# [Saved entries]
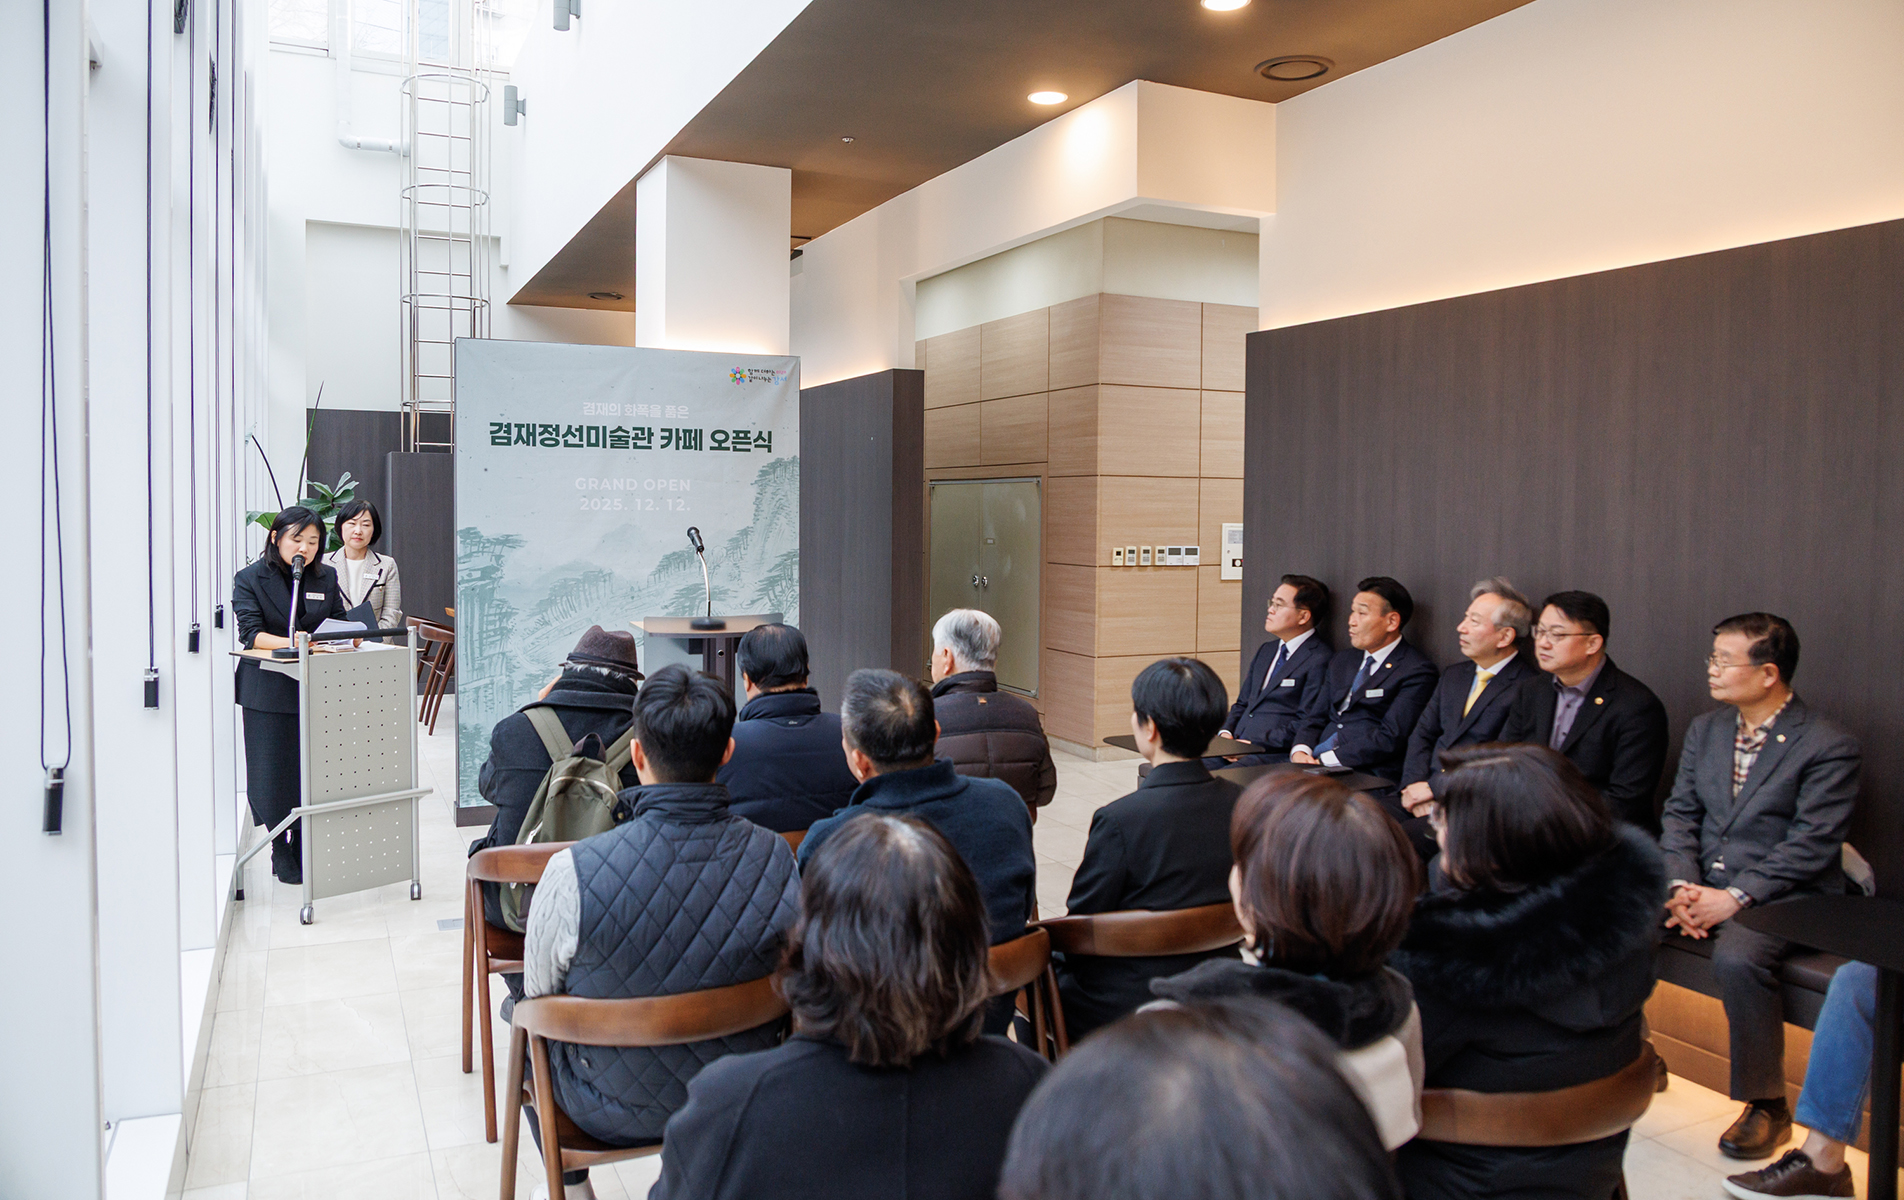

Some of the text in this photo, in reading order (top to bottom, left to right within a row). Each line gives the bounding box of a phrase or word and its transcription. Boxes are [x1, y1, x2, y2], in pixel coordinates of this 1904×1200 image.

[772, 376, 787, 386] 강서
[583, 402, 689, 419] 겸재의 화폭을 품은
[489, 422, 773, 453] 겸재정선미술관 카페 오픈식
[575, 478, 691, 492] GRAND OPEN
[580, 498, 690, 511] 2025. 12. 12.
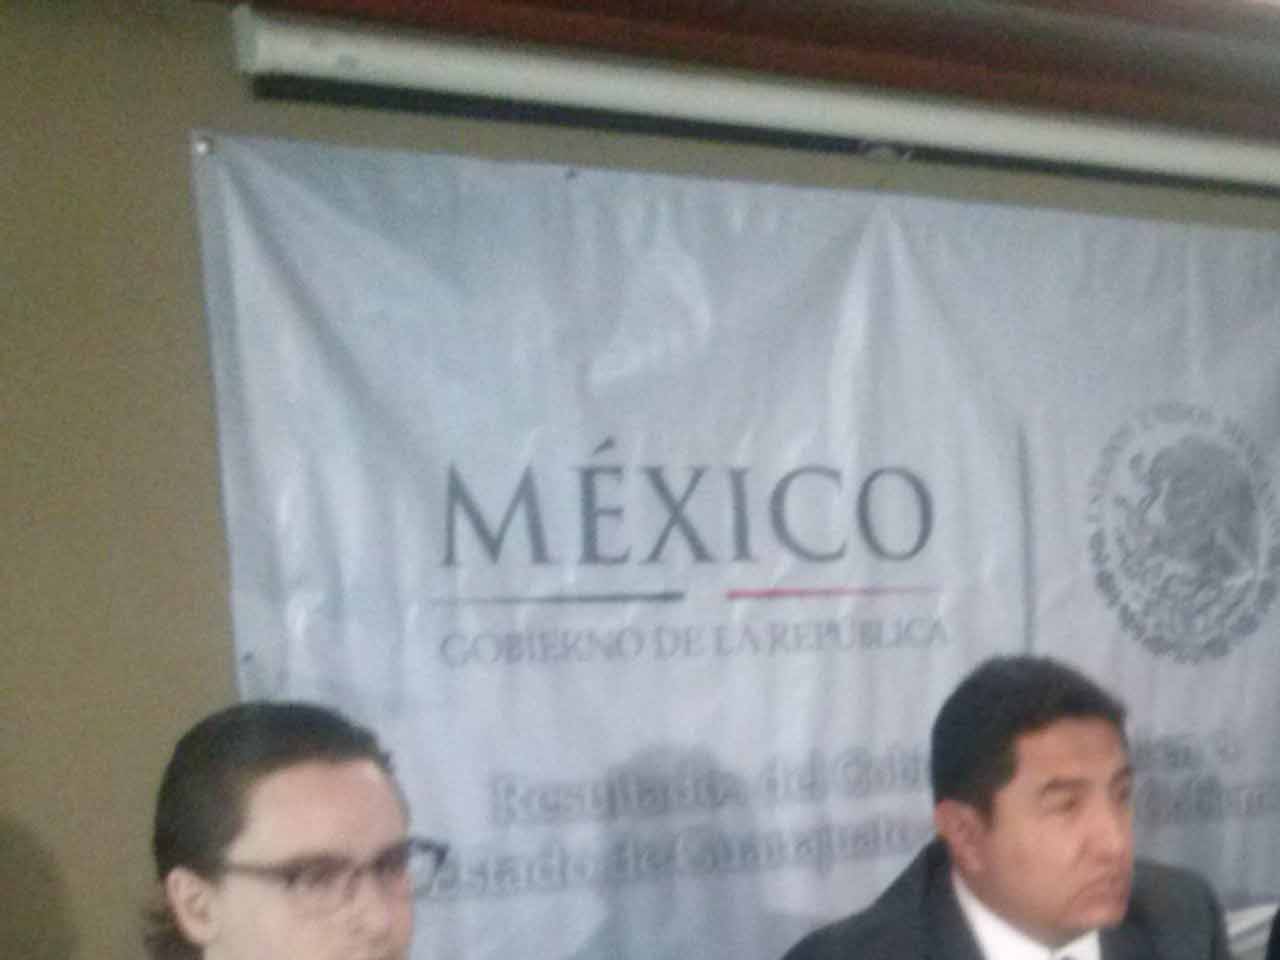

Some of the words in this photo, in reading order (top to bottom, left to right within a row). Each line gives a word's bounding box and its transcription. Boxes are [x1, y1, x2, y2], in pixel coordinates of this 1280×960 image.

[441, 437, 934, 567] MÉXICO
[440, 630, 645, 667] GOBIERNO
[653, 624, 697, 659] DE
[713, 622, 763, 657] LA

# [EXERCISE AIM]
Repeat each line above exactly. The pictures stay out.

# [OUTPUT FOR THIS TASK]
Some of the text in this photo, in reading order (top to bottom, left to right within a row). Each line gives the bounding box of a phrase or word and its transcription. Boxes are [x1, y1, x2, y2], in pixel coordinates of this 1904×1200 image.

[772, 376, 787, 386] 강서
[583, 402, 689, 419] 겸재의 화폭을 품은
[489, 422, 773, 453] 겸재정선미술관 카페 오픈식
[575, 478, 691, 492] GRAND OPEN
[580, 498, 690, 511] 2025. 12. 12.

Some of the words in this photo, in reading order (top to bottom, left to right within a row). Each line gives a word's bounding box and its transcription. Boxes are [x1, y1, x2, y2], in pixel coordinates of this 1280×960 image.

[441, 437, 934, 567] MÉXICO
[440, 630, 645, 667] GOBIERNO
[653, 624, 697, 659] DE
[713, 622, 763, 657] LA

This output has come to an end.